━━━ Provided records
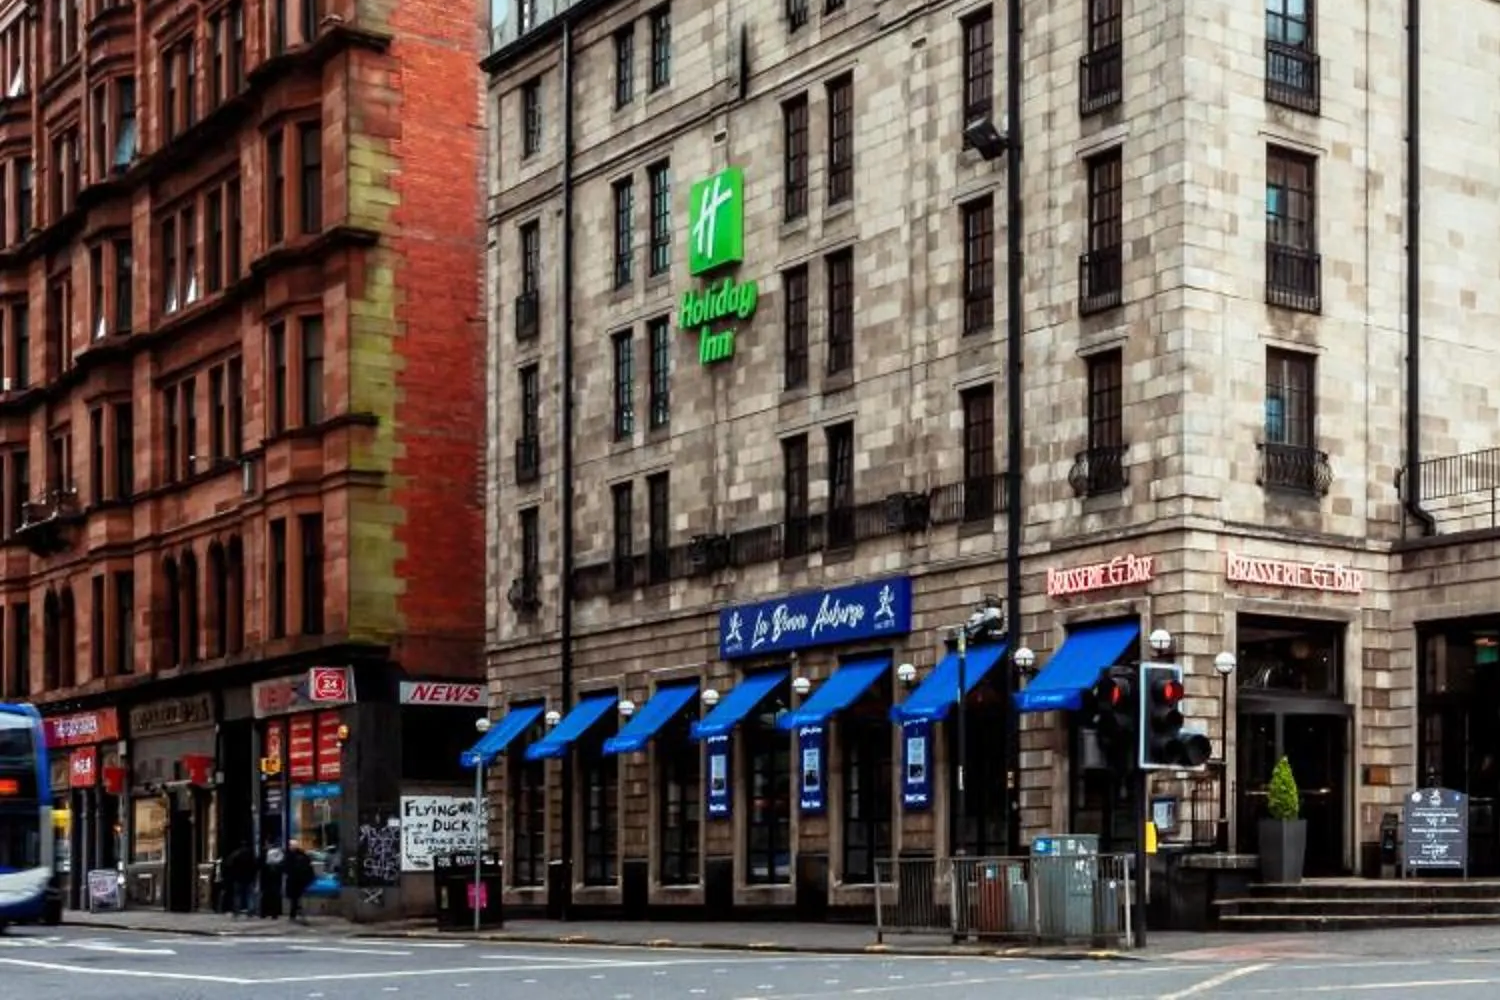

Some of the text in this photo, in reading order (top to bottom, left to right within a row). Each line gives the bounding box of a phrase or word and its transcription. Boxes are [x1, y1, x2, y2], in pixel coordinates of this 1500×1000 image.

[679, 277, 758, 329] Holiday
[699, 324, 735, 365] Inn
[752, 593, 865, 649] La Bonne Auberge
[411, 683, 481, 703] NEWS
[432, 818, 471, 833] DUCK
━━━━━━
◆ **What you need to do**:
Everything in the entries except the pictures must be duplicated exactly.

◆ **Response to the exercise**:
Some of the text in this photo, in reading order (top to bottom, left to right within a row). Each line gives the bounding box of a phrase or word and its transcription. Boxes are [x1, y1, x2, y2], in pixel coordinates of this 1500×1000 image.

[679, 277, 758, 329] Holiday
[699, 324, 735, 365] Inn
[752, 593, 865, 649] La Bonne Auberge
[411, 683, 481, 703] NEWS
[432, 818, 471, 833] DUCK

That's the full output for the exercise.